▸ Directions for this task
Please output the data exactly, minus pictures.

______

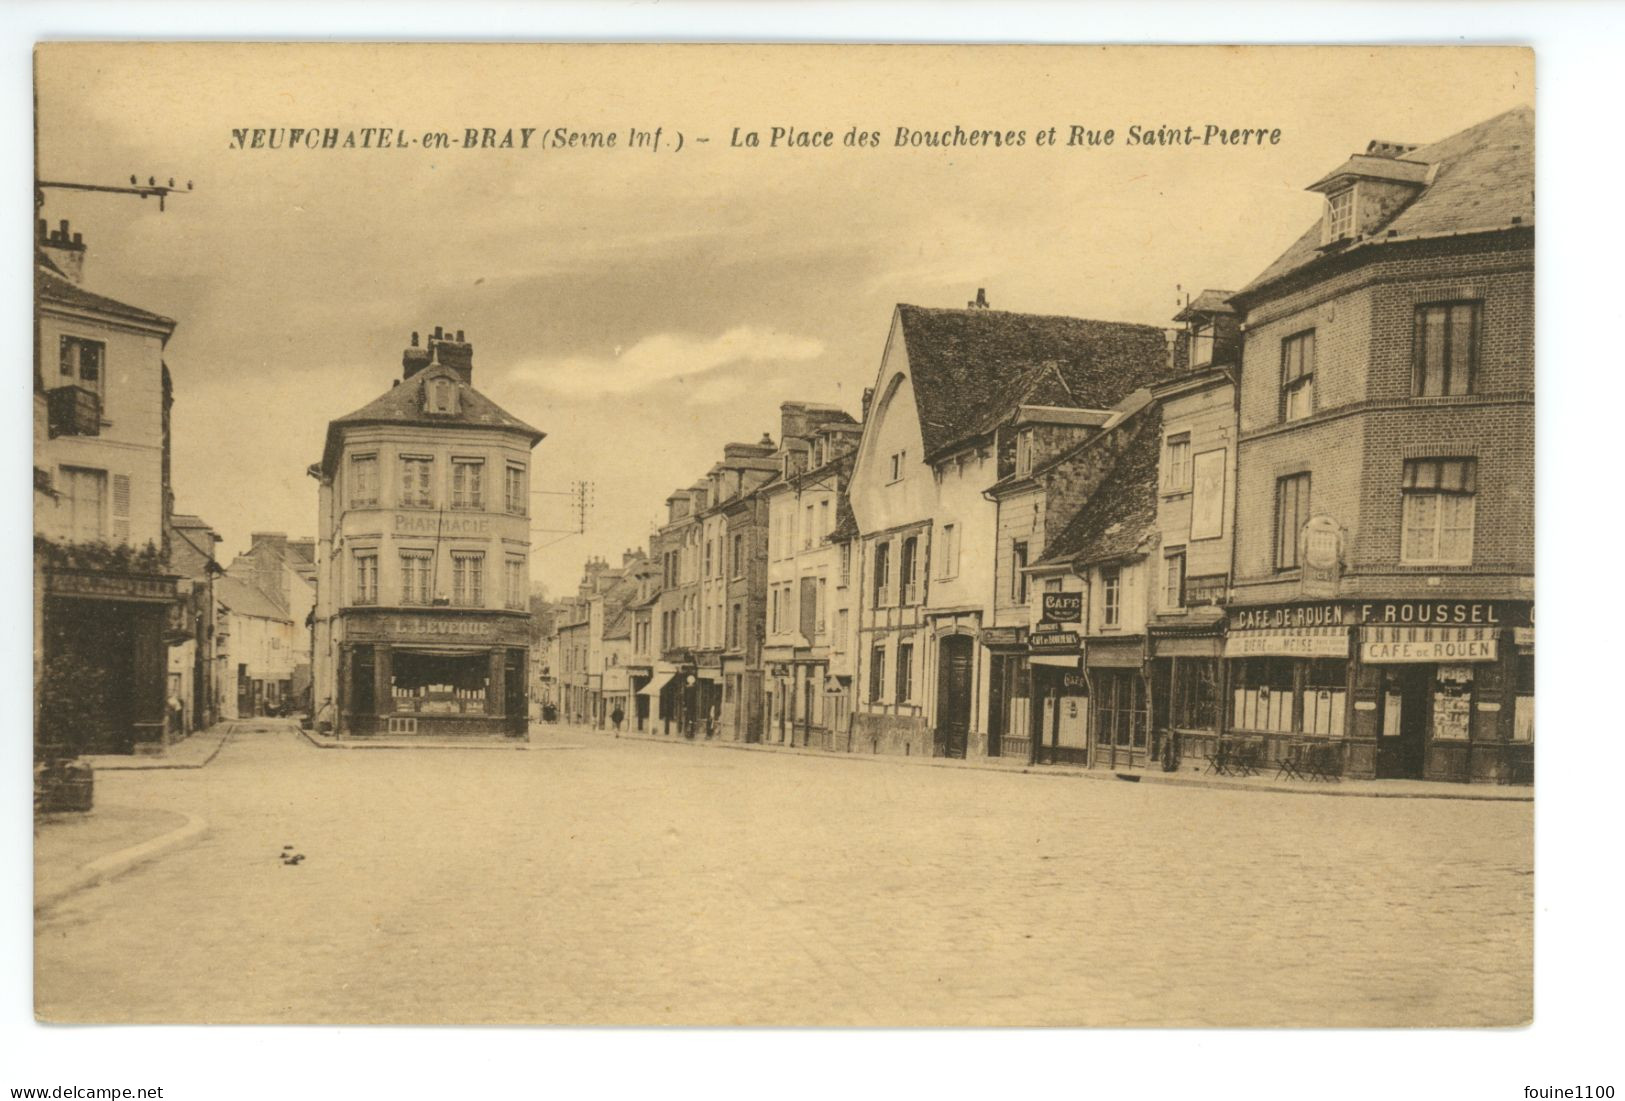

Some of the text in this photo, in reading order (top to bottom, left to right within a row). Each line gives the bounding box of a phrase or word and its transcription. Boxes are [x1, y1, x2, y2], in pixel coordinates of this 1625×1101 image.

[395, 514, 490, 533] PHARMACIE
[1276, 608, 1292, 626] DE
[1297, 605, 1342, 625] ROUEN
[1361, 604, 1499, 622] F. ROUSSEL
[1434, 642, 1490, 657] ROUEN
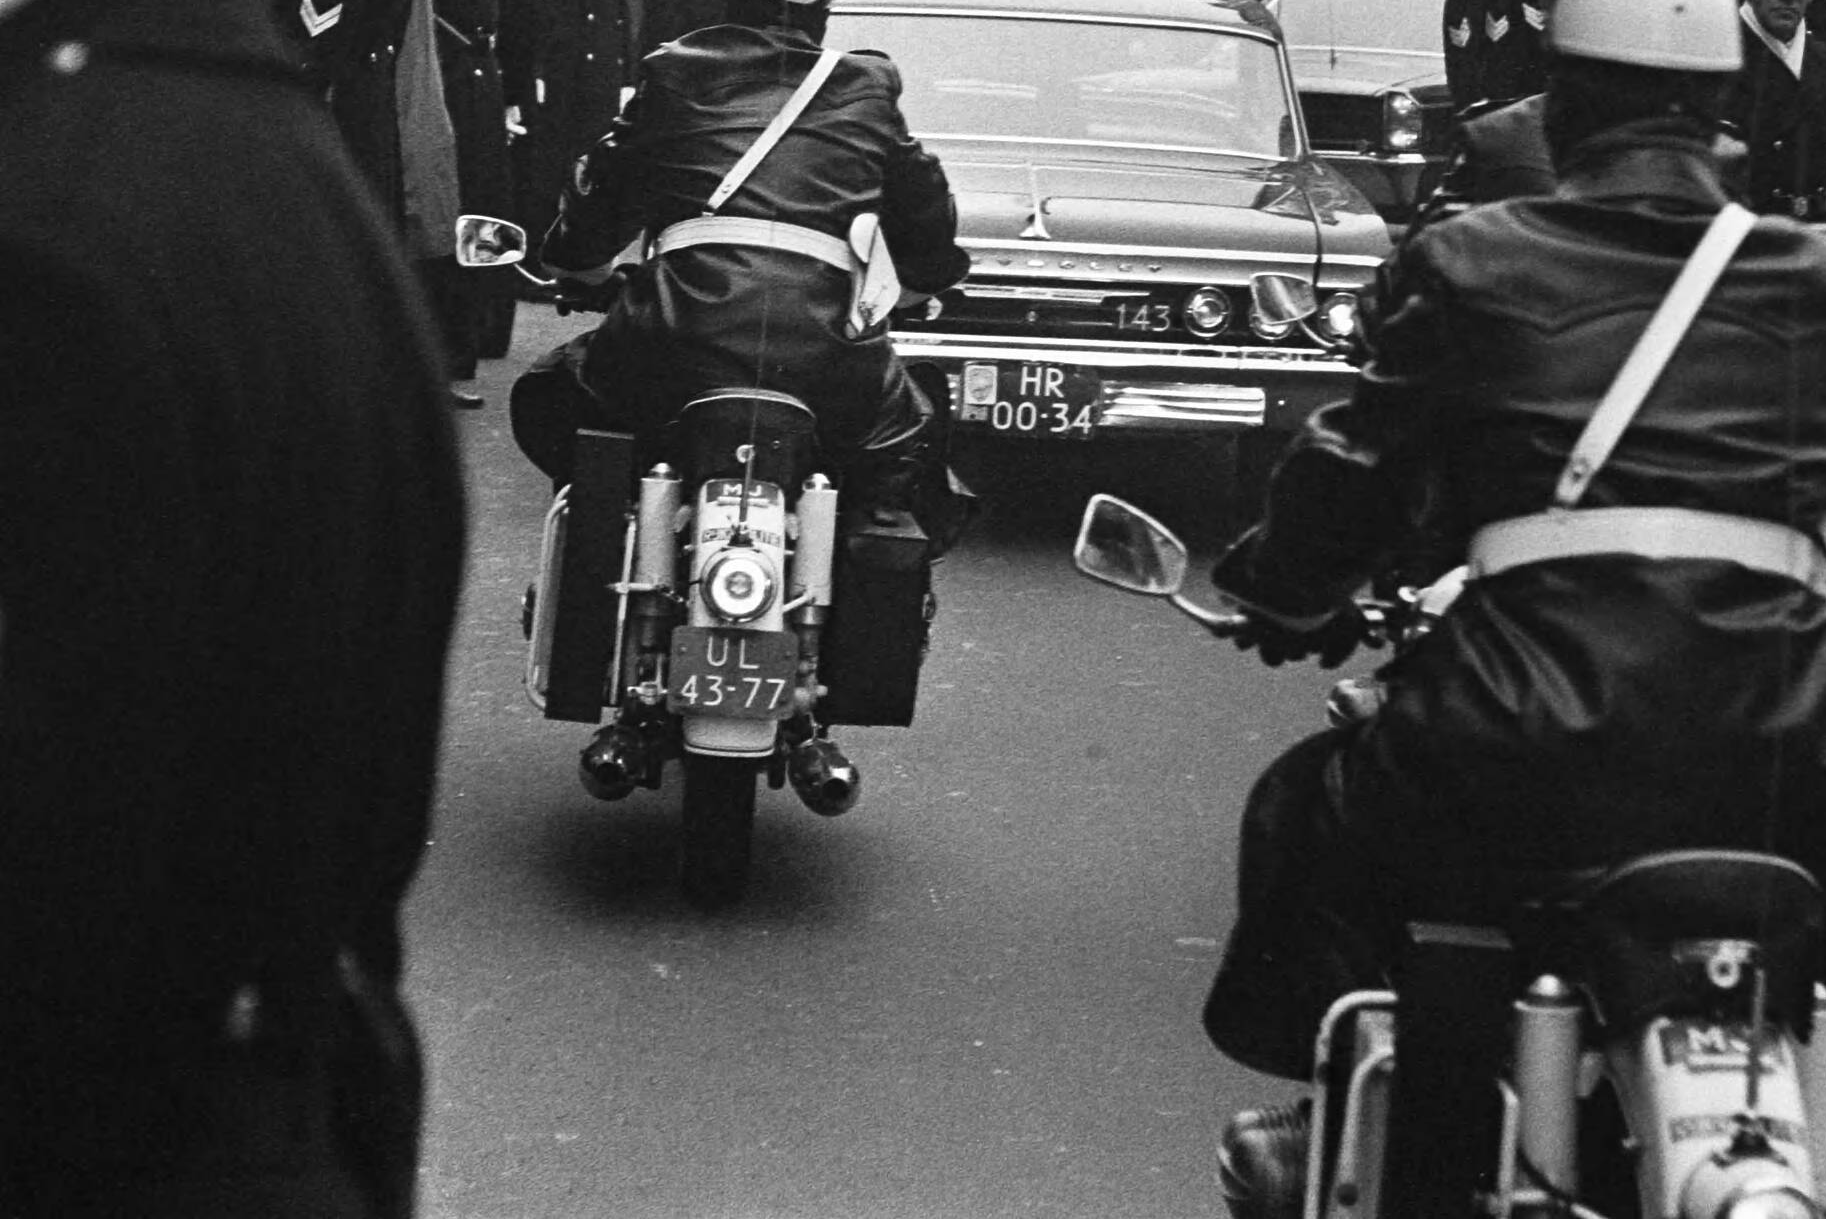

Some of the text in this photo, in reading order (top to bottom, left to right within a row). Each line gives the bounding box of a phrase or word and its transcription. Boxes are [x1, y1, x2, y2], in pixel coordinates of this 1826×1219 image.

[1116, 303, 1171, 332] 143
[1020, 366, 1065, 398] HR
[992, 401, 1093, 435] 00-34
[706, 636, 759, 669] UL
[680, 675, 786, 710] 43-77
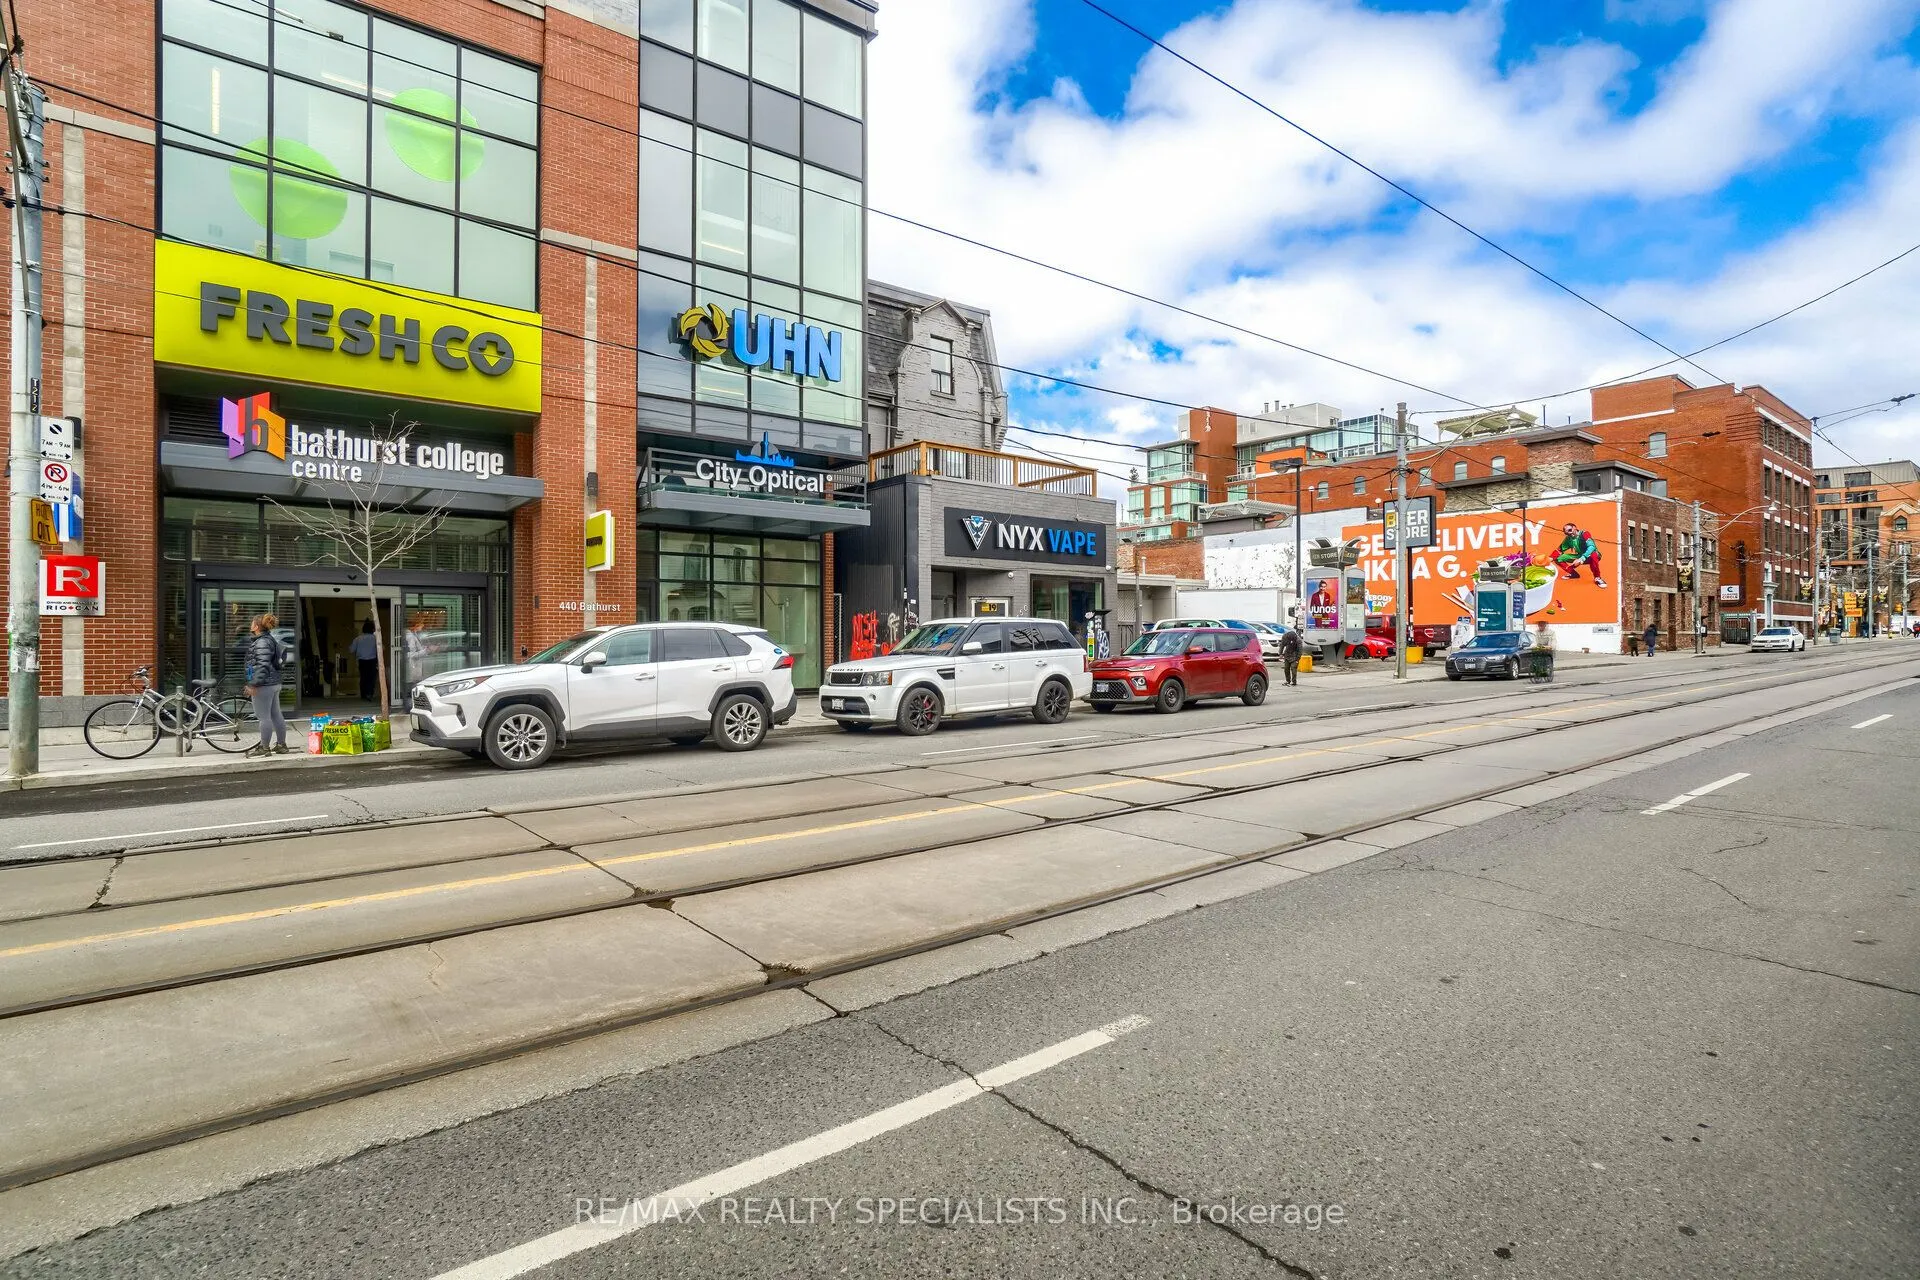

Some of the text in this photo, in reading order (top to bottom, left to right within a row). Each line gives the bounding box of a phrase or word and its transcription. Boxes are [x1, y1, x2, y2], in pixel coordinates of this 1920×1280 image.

[201, 281, 514, 376] FRESH CO
[732, 307, 842, 382] UHN
[291, 424, 504, 479] bathurst college
[291, 459, 362, 483] centre
[695, 458, 742, 488] City
[1385, 509, 1428, 528] BER
[998, 523, 1097, 557] NYX VAPE
[1355, 519, 1546, 558] GE LIVERY
[1386, 526, 1429, 541] SRE
[1320, 551, 1338, 559] STORE
[1364, 554, 1468, 582] IK A G.
[55, 565, 91, 592] R
[559, 602, 621, 612] 440 Bathurst

______

▸ Worked solution
Some of the text in this photo, in reading order (top to bottom, left to right within a row). Each line gives the bounding box of a phrase or word and its transcription. Boxes are [x1, y1, x2, y2], in pixel coordinates of this 1625×1101 image.

[395, 514, 490, 533] PHARMACIE
[1276, 608, 1292, 626] DE
[1297, 605, 1342, 625] ROUEN
[1361, 604, 1499, 622] F. ROUSSEL
[1434, 642, 1490, 657] ROUEN

Some of the text in this photo, in reading order (top to bottom, left to right within a row). Each line gives the bounding box of a phrase or word and its transcription. Boxes are [x1, y1, x2, y2], in pixel coordinates of this 1826×1219 image.

[1116, 303, 1171, 332] 143
[1020, 366, 1065, 398] HR
[992, 401, 1093, 435] 00-34
[706, 636, 759, 669] UL
[680, 675, 786, 710] 43-77

Some of the text in this photo, in reading order (top to bottom, left to right within a row). Each line gives the bounding box of a phrase or word and its transcription. Boxes are [x1, y1, x2, y2], in pixel coordinates of this 1920×1280 image.

[201, 281, 514, 376] FRESH CO
[732, 307, 842, 382] UHN
[291, 424, 504, 479] bathurst college
[291, 459, 362, 483] centre
[695, 458, 742, 488] City
[1385, 509, 1428, 528] BER
[998, 523, 1097, 557] NYX VAPE
[1355, 519, 1546, 558] GE LIVERY
[1386, 526, 1429, 541] SRE
[1320, 551, 1338, 559] STORE
[1364, 554, 1468, 582] IK A G.
[55, 565, 91, 592] R
[559, 602, 621, 612] 440 Bathurst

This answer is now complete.